## [What is being asked]
The response should be an exact copy of the records, with the pictures removed.

** Opening Input data block **

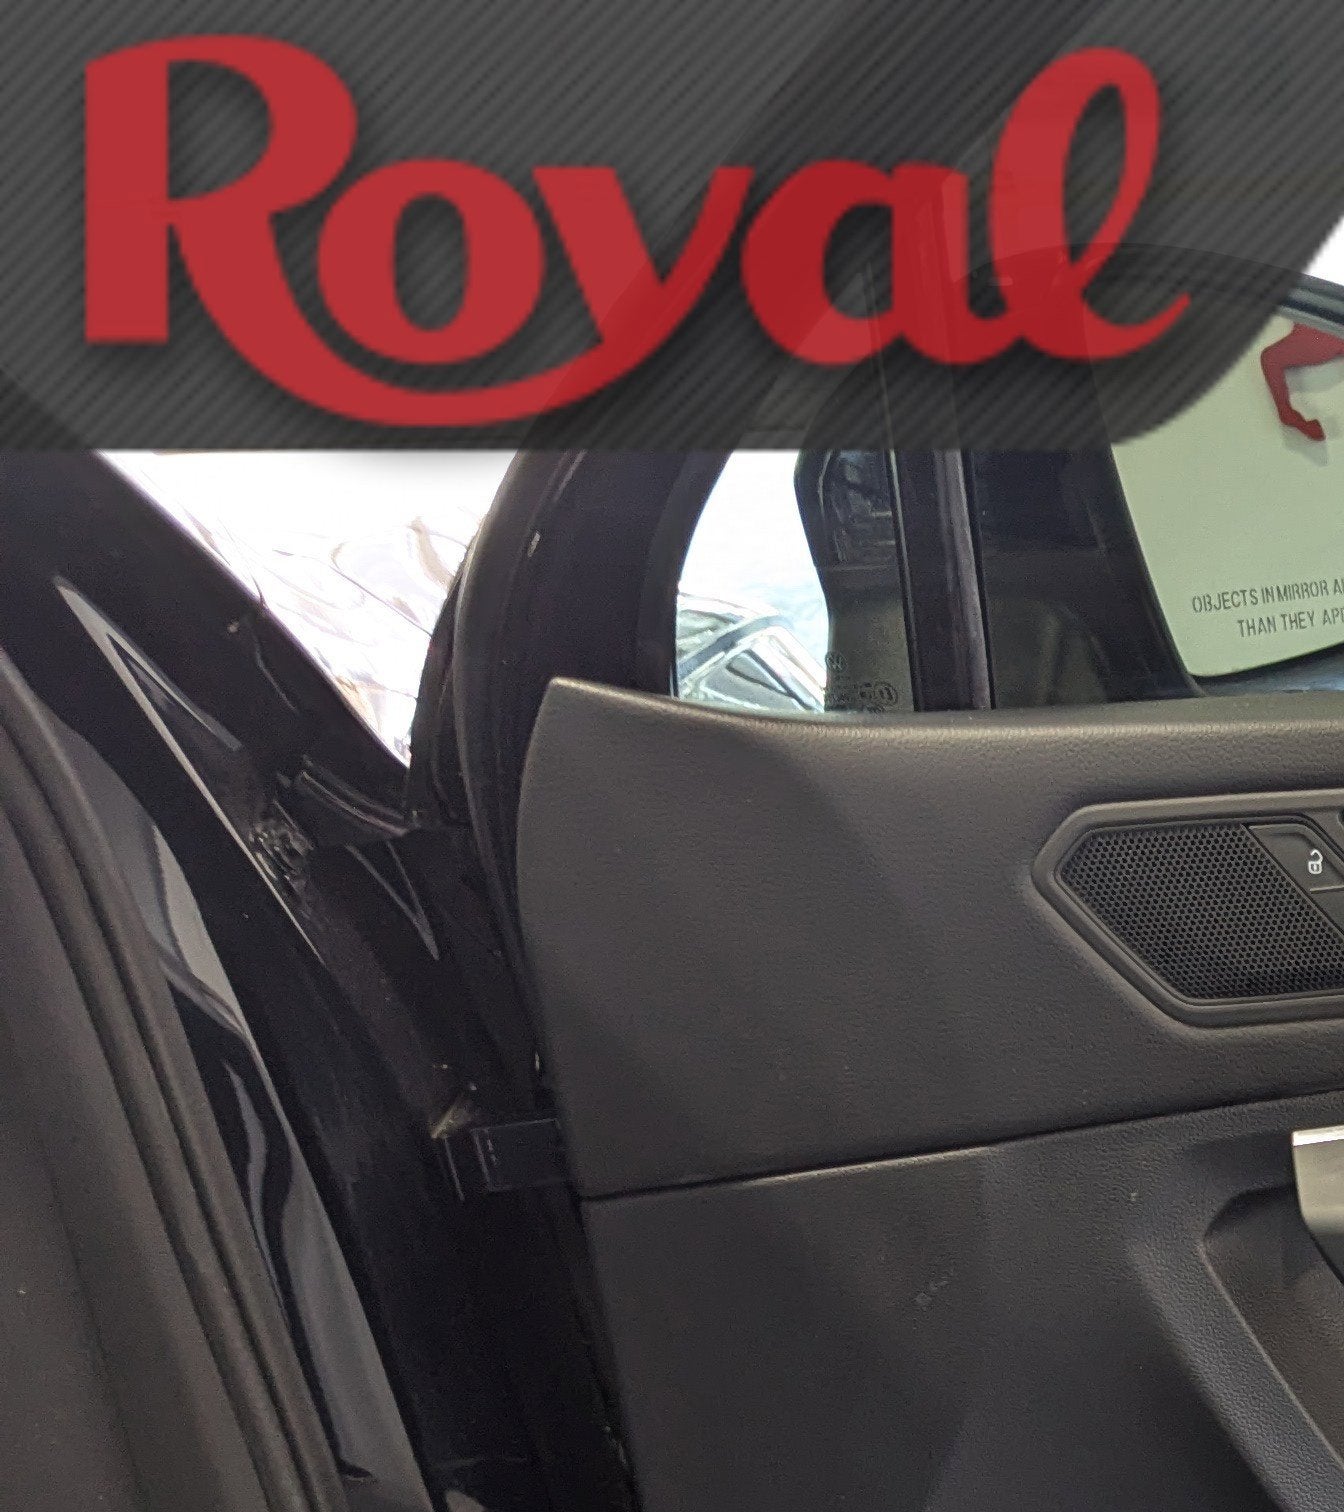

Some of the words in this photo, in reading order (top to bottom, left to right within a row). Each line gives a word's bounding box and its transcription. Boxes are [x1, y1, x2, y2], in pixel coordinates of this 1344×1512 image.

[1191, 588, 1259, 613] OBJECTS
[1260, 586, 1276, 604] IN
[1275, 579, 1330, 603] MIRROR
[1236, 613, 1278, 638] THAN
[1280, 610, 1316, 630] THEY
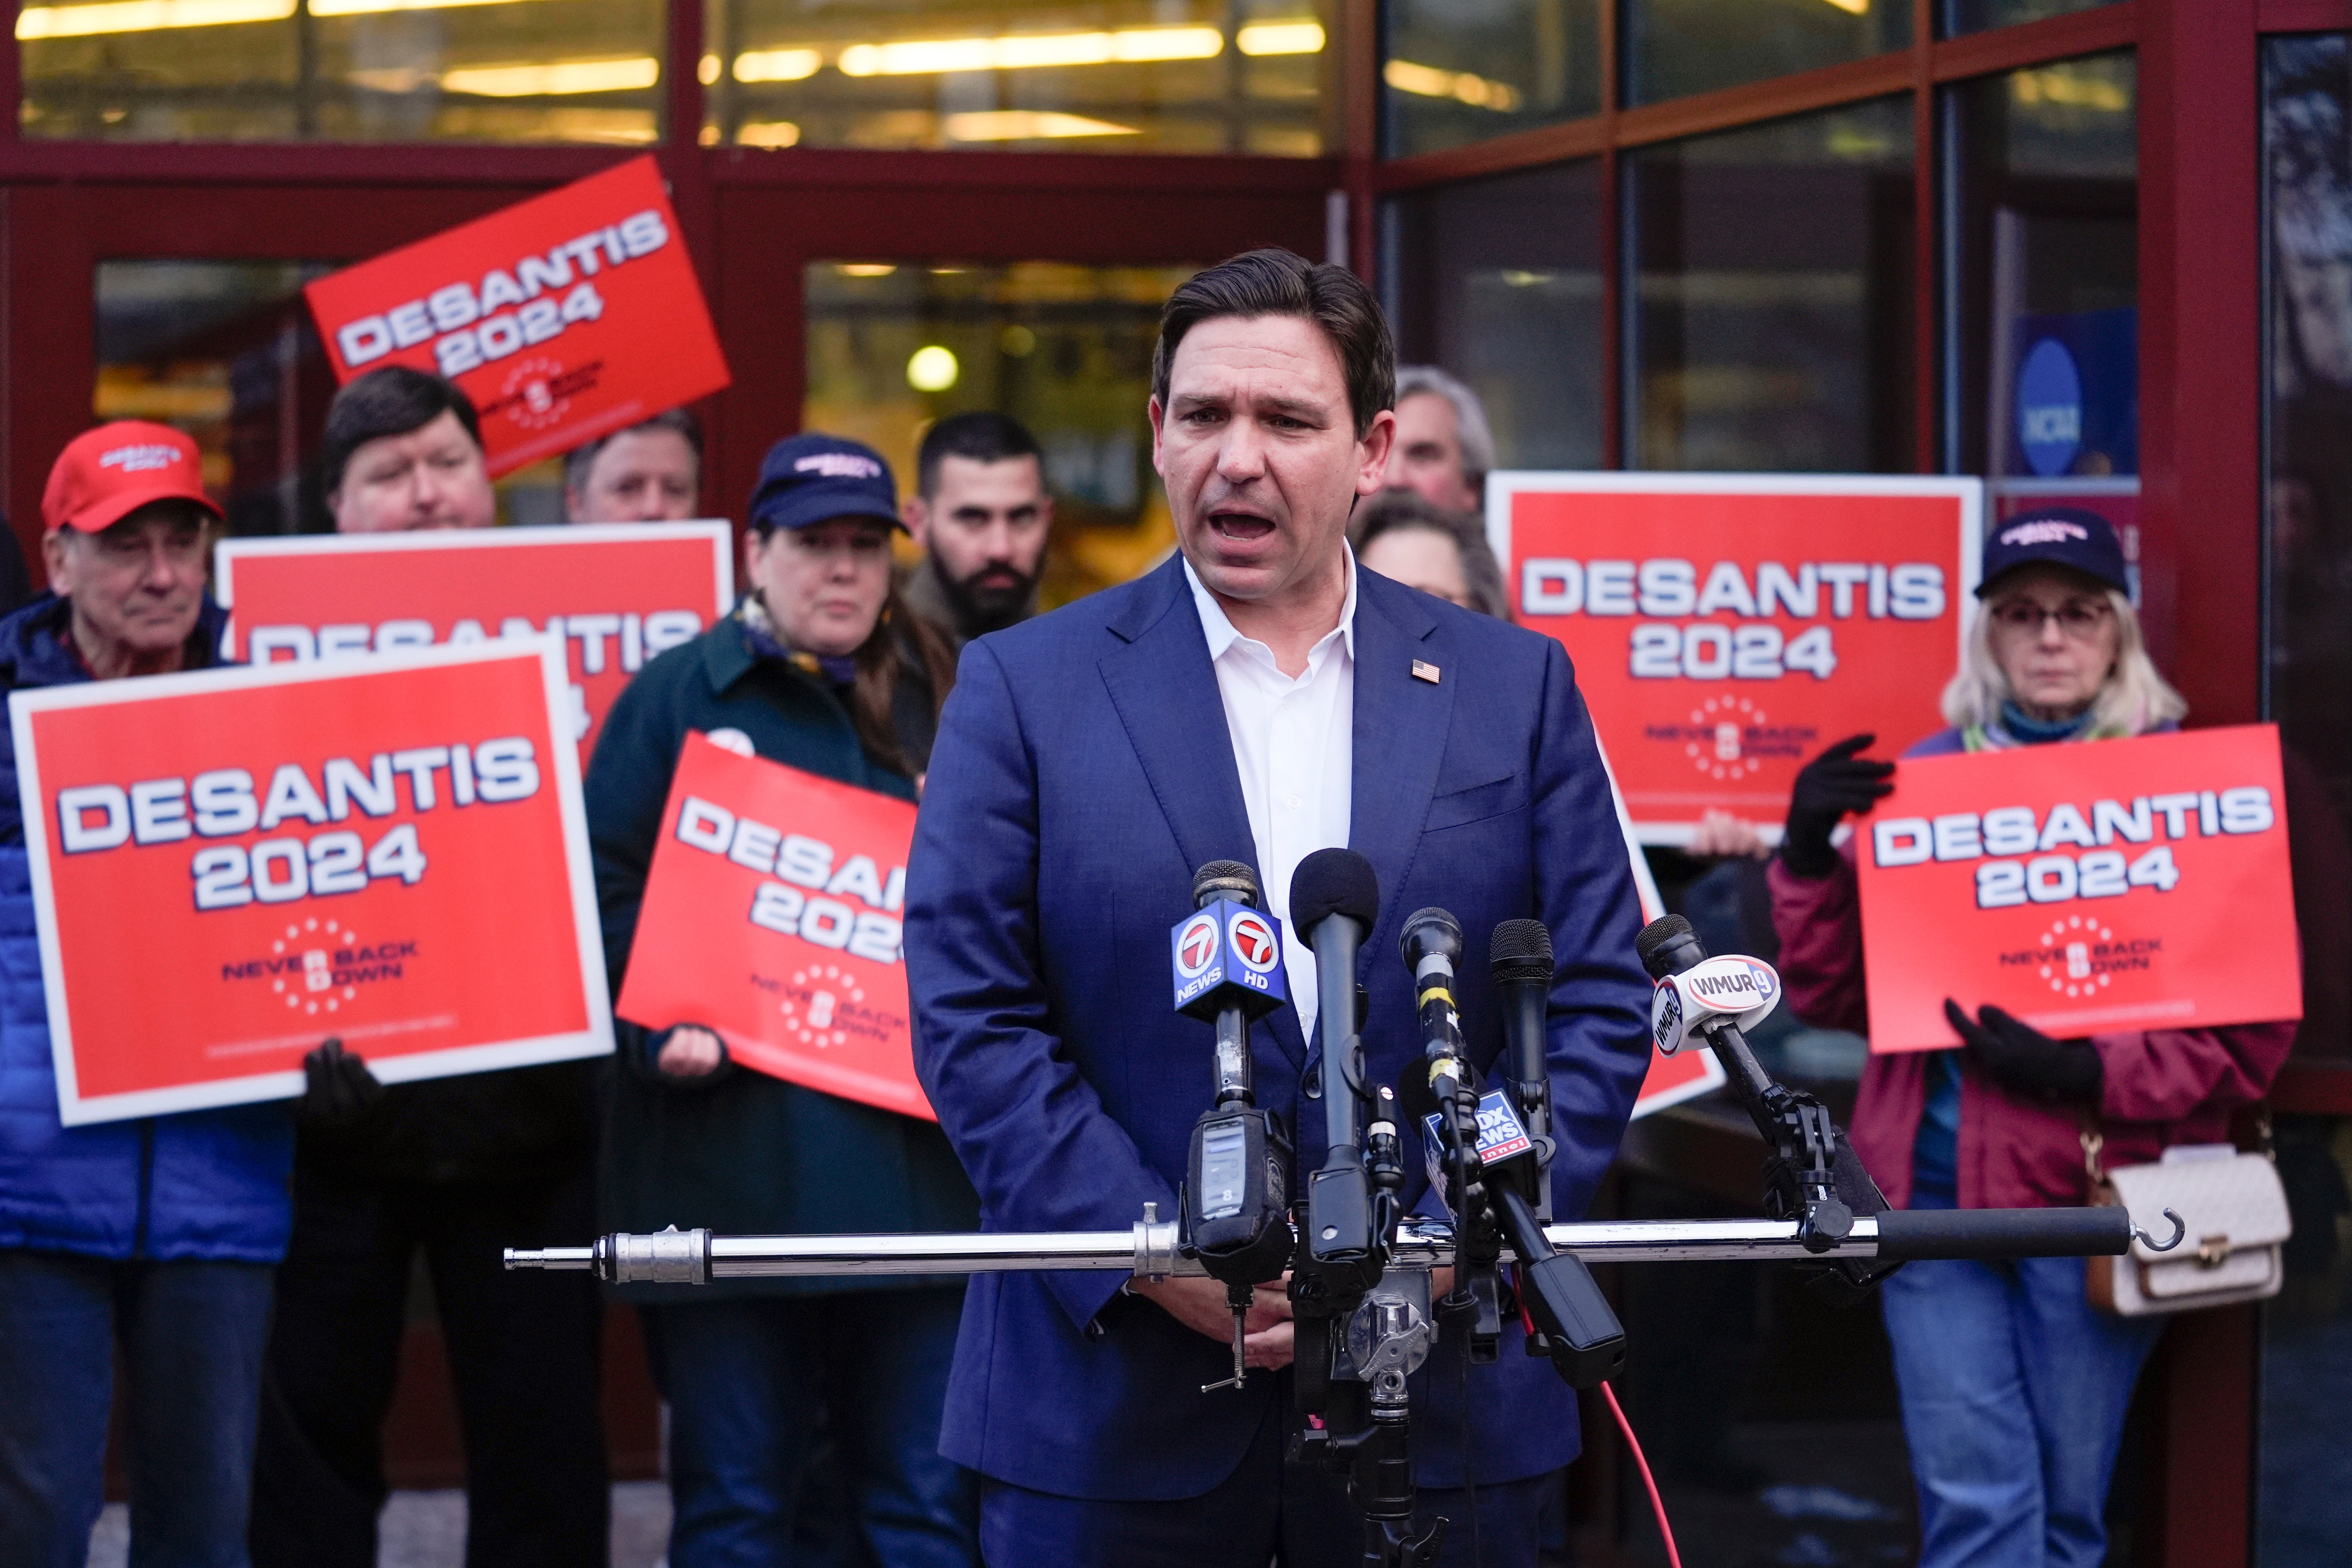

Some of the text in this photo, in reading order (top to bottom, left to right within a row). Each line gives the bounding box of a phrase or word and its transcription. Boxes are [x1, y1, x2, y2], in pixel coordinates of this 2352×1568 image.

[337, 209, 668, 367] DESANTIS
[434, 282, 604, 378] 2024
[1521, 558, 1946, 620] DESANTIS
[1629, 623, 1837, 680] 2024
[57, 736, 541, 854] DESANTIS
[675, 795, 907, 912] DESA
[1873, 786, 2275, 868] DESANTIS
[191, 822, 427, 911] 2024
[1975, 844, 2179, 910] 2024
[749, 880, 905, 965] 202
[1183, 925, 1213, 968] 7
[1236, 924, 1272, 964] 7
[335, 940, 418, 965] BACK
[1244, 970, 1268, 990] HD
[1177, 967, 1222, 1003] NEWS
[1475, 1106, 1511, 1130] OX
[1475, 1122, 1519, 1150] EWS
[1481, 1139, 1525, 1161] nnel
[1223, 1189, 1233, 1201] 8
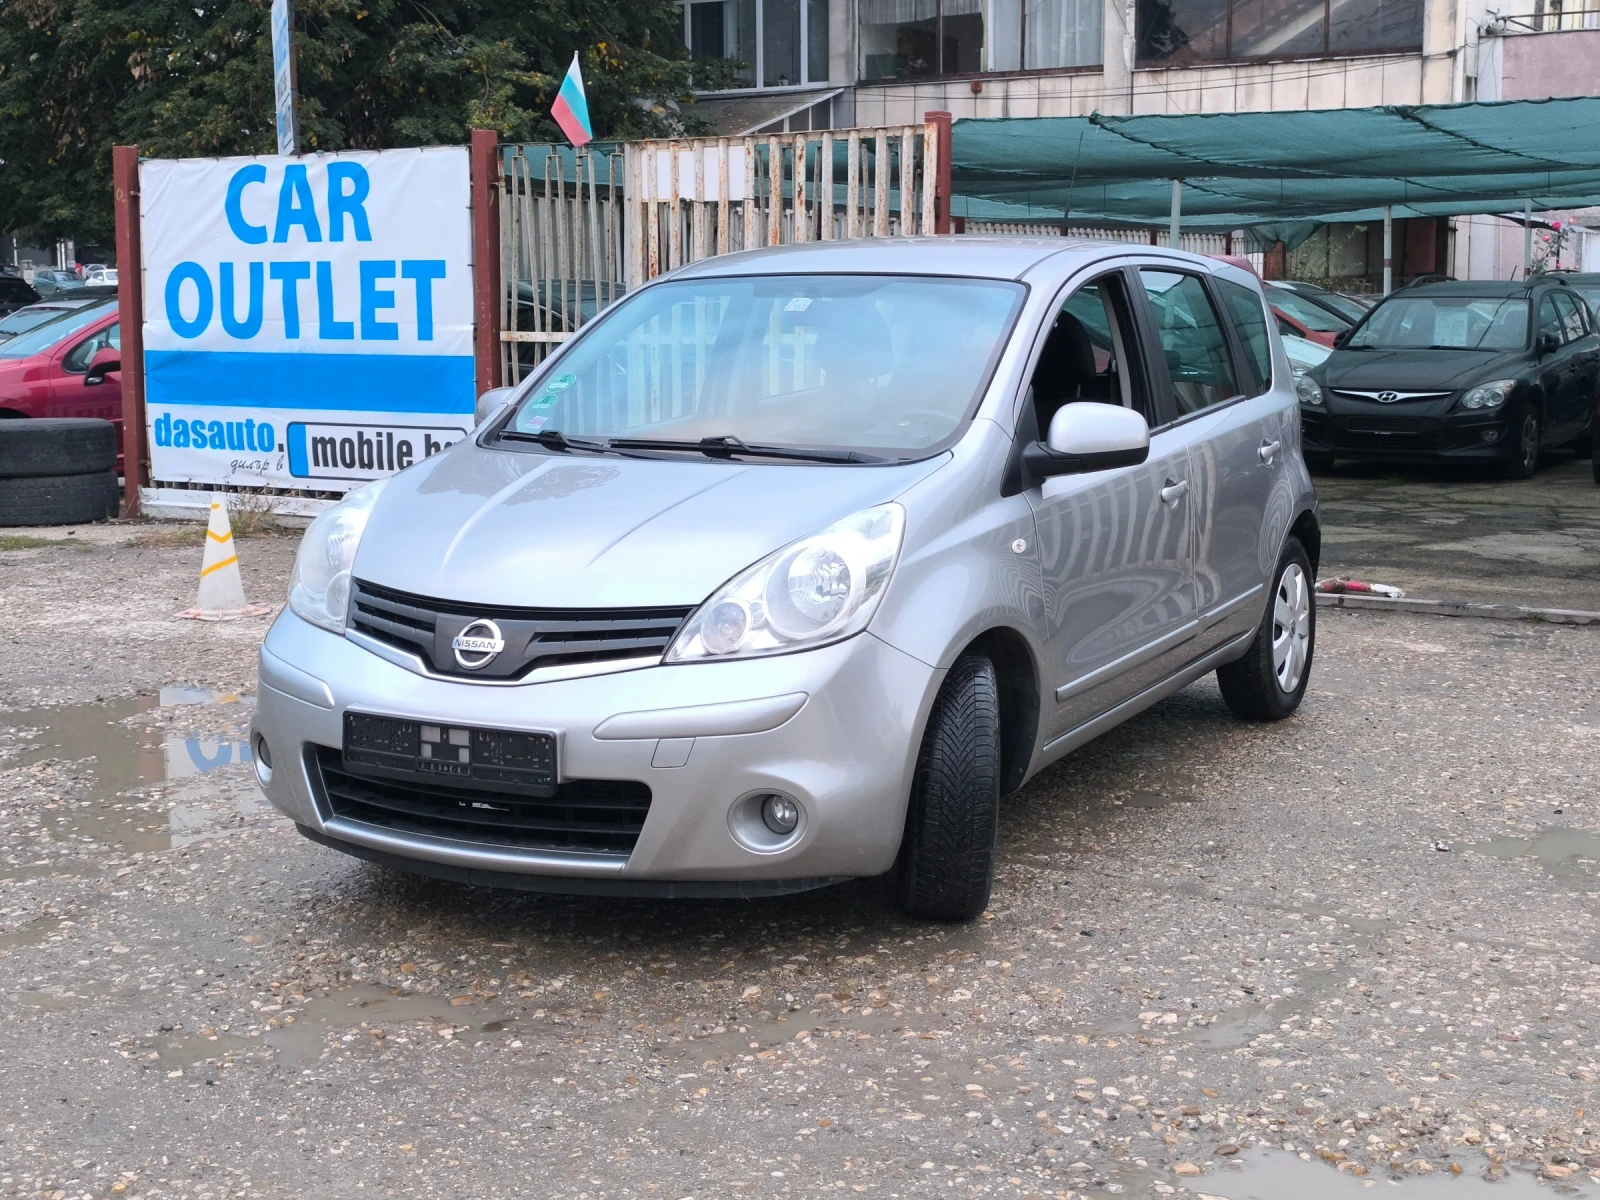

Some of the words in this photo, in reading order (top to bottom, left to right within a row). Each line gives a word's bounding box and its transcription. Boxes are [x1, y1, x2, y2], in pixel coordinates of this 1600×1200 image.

** Closing Input data block **

## [Output for this task]
Some of the words in this photo, in reading order (top to bottom, left to right within a row). Each line gives a word's bounding box and its transcription. Boxes are [x1, y1, x2, y2], in pixel coordinates of this 1344×1512 image.

[1191, 588, 1259, 613] OBJECTS
[1260, 586, 1276, 604] IN
[1275, 579, 1330, 603] MIRROR
[1236, 613, 1278, 638] THAN
[1280, 610, 1316, 630] THEY

Some of the text in this photo, in reading order (top to bottom, left to right within a row). Each line gives the bounding box of a phrase or word and its transcription. Boxes are [x1, y1, x2, y2], in pixel coordinates of this 2352×1568 image.

[337, 209, 668, 367] DESANTIS
[434, 282, 604, 378] 2024
[1521, 558, 1946, 620] DESANTIS
[1629, 623, 1837, 680] 2024
[57, 736, 541, 854] DESANTIS
[675, 795, 907, 912] DESA
[1873, 786, 2275, 868] DESANTIS
[191, 822, 427, 911] 2024
[1975, 844, 2179, 910] 2024
[749, 880, 905, 965] 202
[1183, 925, 1213, 968] 7
[1236, 924, 1272, 964] 7
[335, 940, 418, 965] BACK
[1244, 970, 1268, 990] HD
[1177, 967, 1222, 1003] NEWS
[1475, 1106, 1511, 1130] OX
[1475, 1122, 1519, 1150] EWS
[1481, 1139, 1525, 1161] nnel
[1223, 1189, 1233, 1201] 8

Some of the words in this photo, in reading order (top to bottom, left to right within a row). Each line gives a word's bounding box and its transcription. Boxes are [x1, y1, x2, y2], in pixel coordinates of this 1600×1200 image.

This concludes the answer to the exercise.